Ces points sont essentiels pour garantir un soutien nutritionnel efficace, respectueux et adapté à chaque situation.

Pourquoi recourir aux compléments nutritionnels oraux chez le senior Alzheimer ?

Selon la Haute Autorité de Santé (HAS), près d’une personne âgée sur deux vivant en institution souffre de dénutrition, et la maladie d’Alzheimer est un facteur aggravant reconnu (HAS).
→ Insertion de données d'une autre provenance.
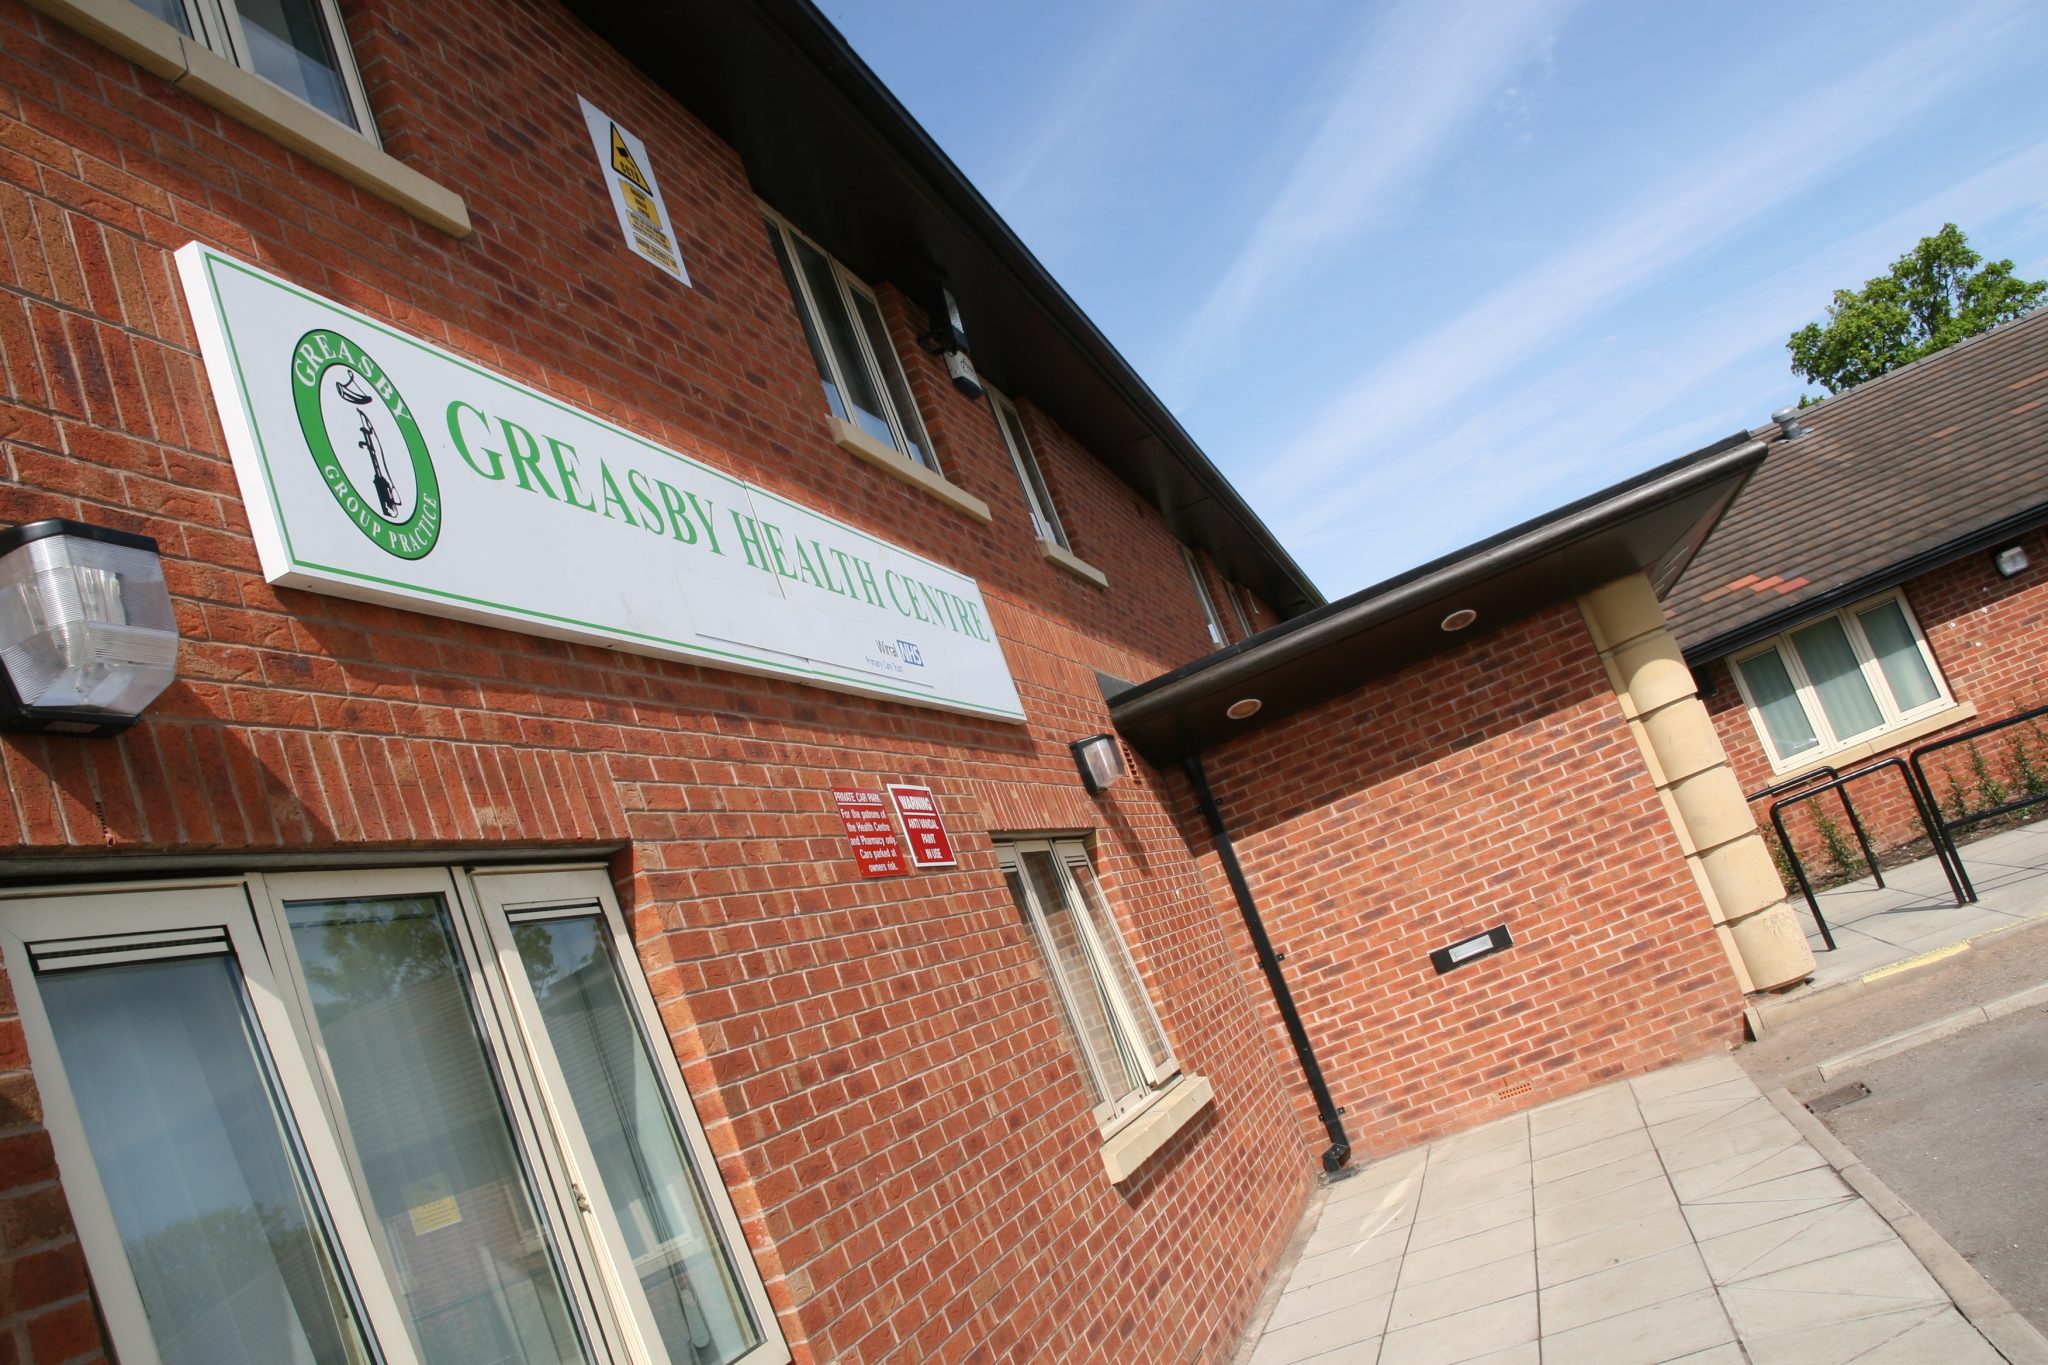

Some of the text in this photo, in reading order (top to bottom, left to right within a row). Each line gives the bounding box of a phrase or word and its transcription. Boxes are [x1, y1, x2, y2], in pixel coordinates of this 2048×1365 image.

Le maintien d’un état nutritionnel satisfaisant influence l’évolution de la maladie, la récupération fonctionnelle, la qualité de vie et la morbidité.

Les besoins nutritionnels du senior atteint d’Alzheimer ne diffèrent pas fondamentalement de ceux de la personne âgée non démente, mais les difficultés de prise alimentaire sont généralement plus marquées, en particulier lorsque la maladie évolue :

  • Diminution de la sensation de faim ou oubli de manger
  • Altération du goût et de l’odorat
  • Fatigue, troubles moteurs, difficultés à utiliser les couverts
  • Épisodes de fausses routes ou difficultés de déglutition (dysphagie)
  • Dépression, anxiété ou refus alimentaires

Dans ces situations, et après optimisation des repas habituels, l’introduction de compléments par voie orale joue un véritable rôle de soutien. C’est l’une des stratégies recommandées par la Société Francophone de Nutrition Clinique et Métabolisme (SFNCM) et la HAS.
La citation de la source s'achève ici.